## [Task to complete]
Full transcription, minus images: write out the listing below exactly as it appears.
(Beginning of Task data)
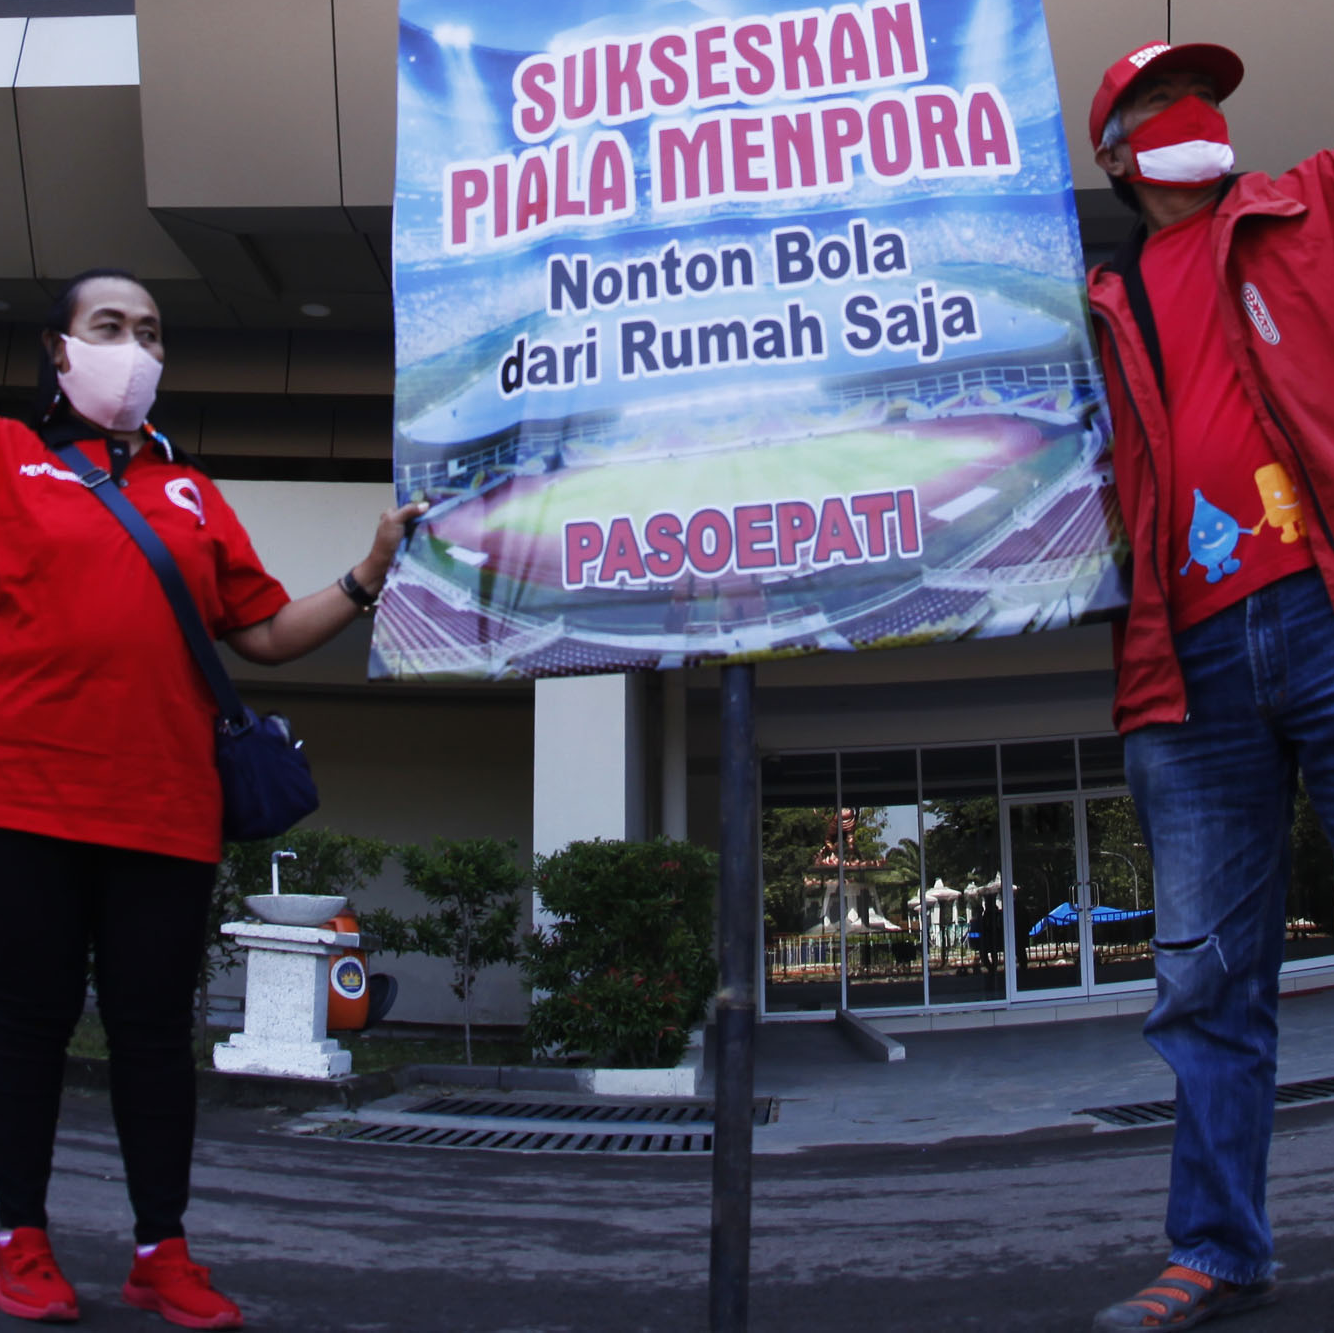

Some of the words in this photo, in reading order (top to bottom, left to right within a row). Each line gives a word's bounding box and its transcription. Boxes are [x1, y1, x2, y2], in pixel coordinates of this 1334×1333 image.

[519, 2, 920, 135] SUKSESKAN
[450, 139, 627, 245] PIALA
[658, 91, 1012, 204] MENPORA
[549, 245, 753, 312] Nonton
[775, 223, 906, 285] Bola
[500, 329, 598, 395] dari
[621, 304, 824, 375] Rumah
[846, 286, 976, 358] Saja
[564, 490, 921, 587] PASOEPATI
(End of Task data)
## [Problem solution]
Some of the words in this photo, in reading order (top to bottom, left to right within a row). Each line gives a word's bounding box and its transcription. Boxes are [x1, y1, x2, y2], in pixel coordinates of this 1334×1333 image.

[519, 2, 920, 135] SUKSESKAN
[450, 139, 627, 245] PIALA
[658, 91, 1012, 204] MENPORA
[549, 245, 753, 312] Nonton
[775, 223, 906, 285] Bola
[500, 329, 598, 395] dari
[621, 304, 824, 375] Rumah
[846, 286, 976, 358] Saja
[564, 490, 921, 587] PASOEPATI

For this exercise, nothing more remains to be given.